*AIM OF THE EXERCISE*:
Write out the entries below exactly as they stand. Skip every image.

——

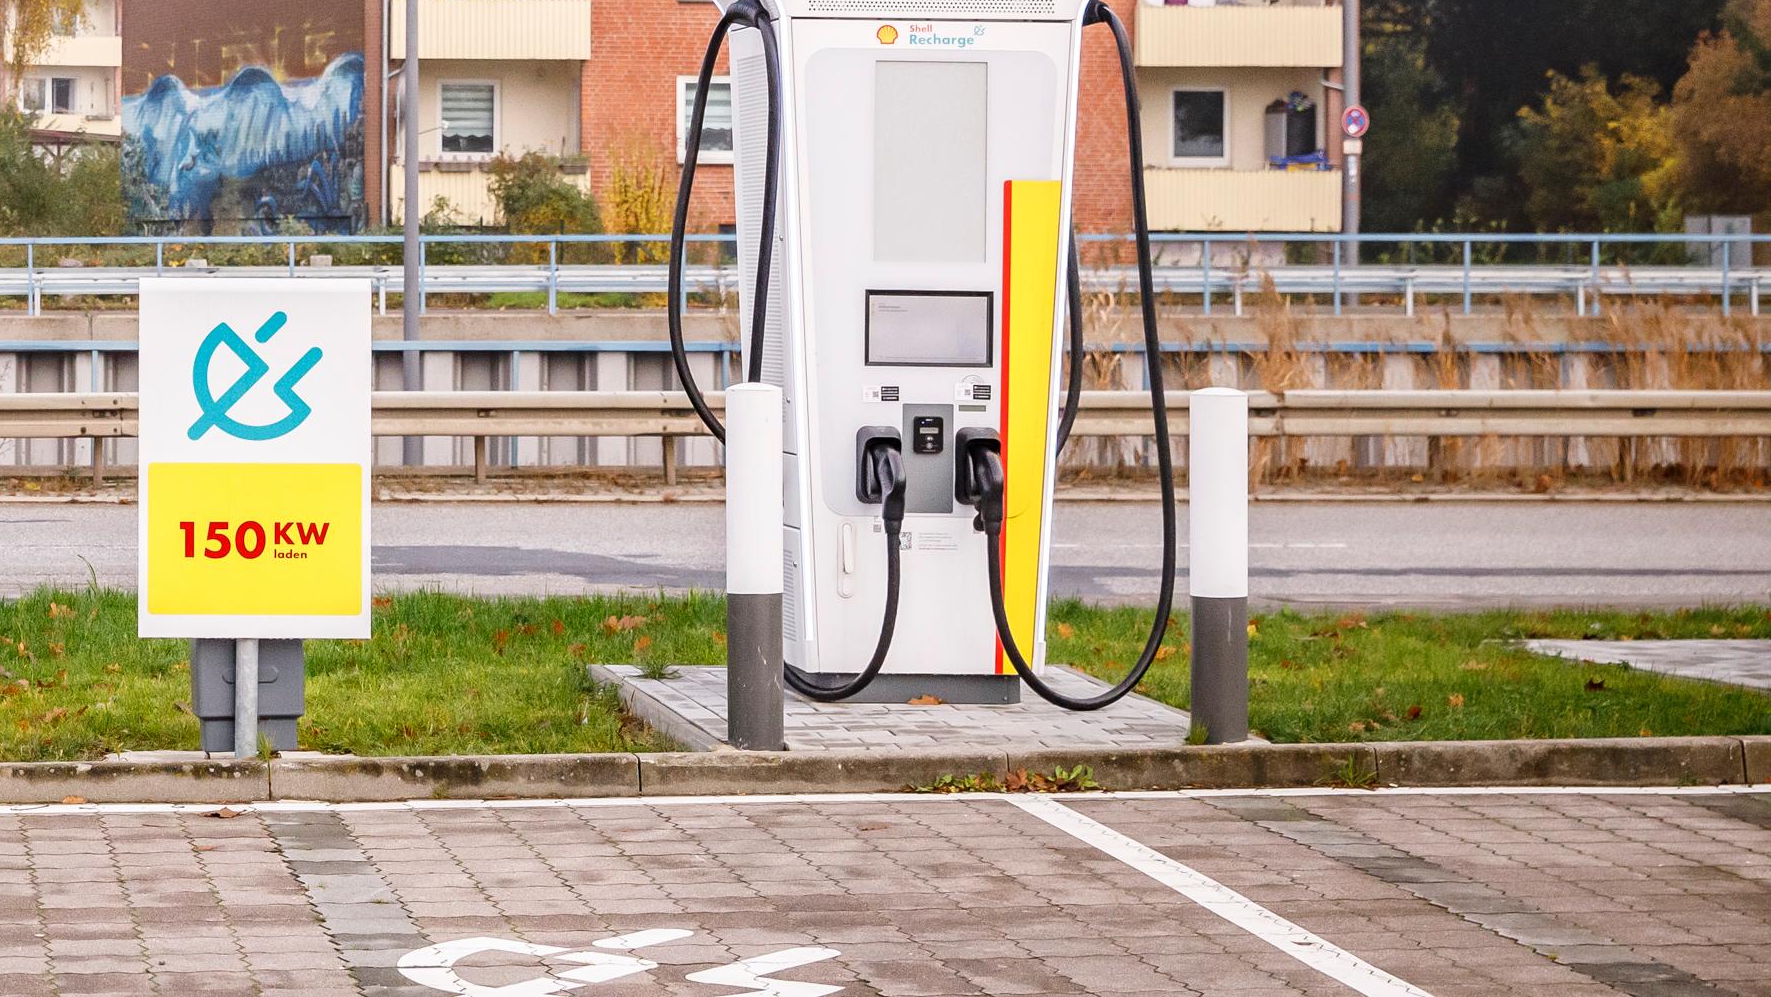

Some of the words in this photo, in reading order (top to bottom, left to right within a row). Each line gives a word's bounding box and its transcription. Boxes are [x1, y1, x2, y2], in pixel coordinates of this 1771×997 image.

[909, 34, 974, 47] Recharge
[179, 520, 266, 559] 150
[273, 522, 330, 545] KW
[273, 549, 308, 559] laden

——

*YOUR SOLUTION*:
Some of the words in this photo, in reading order (top to bottom, left to right within a row). Each line gives a word's bounding box and its transcription. Boxes are [x1, y1, x2, y2], in pixel coordinates of this 1771×997 image.

[909, 34, 974, 47] Recharge
[179, 520, 266, 559] 150
[273, 522, 330, 545] KW
[273, 549, 308, 559] laden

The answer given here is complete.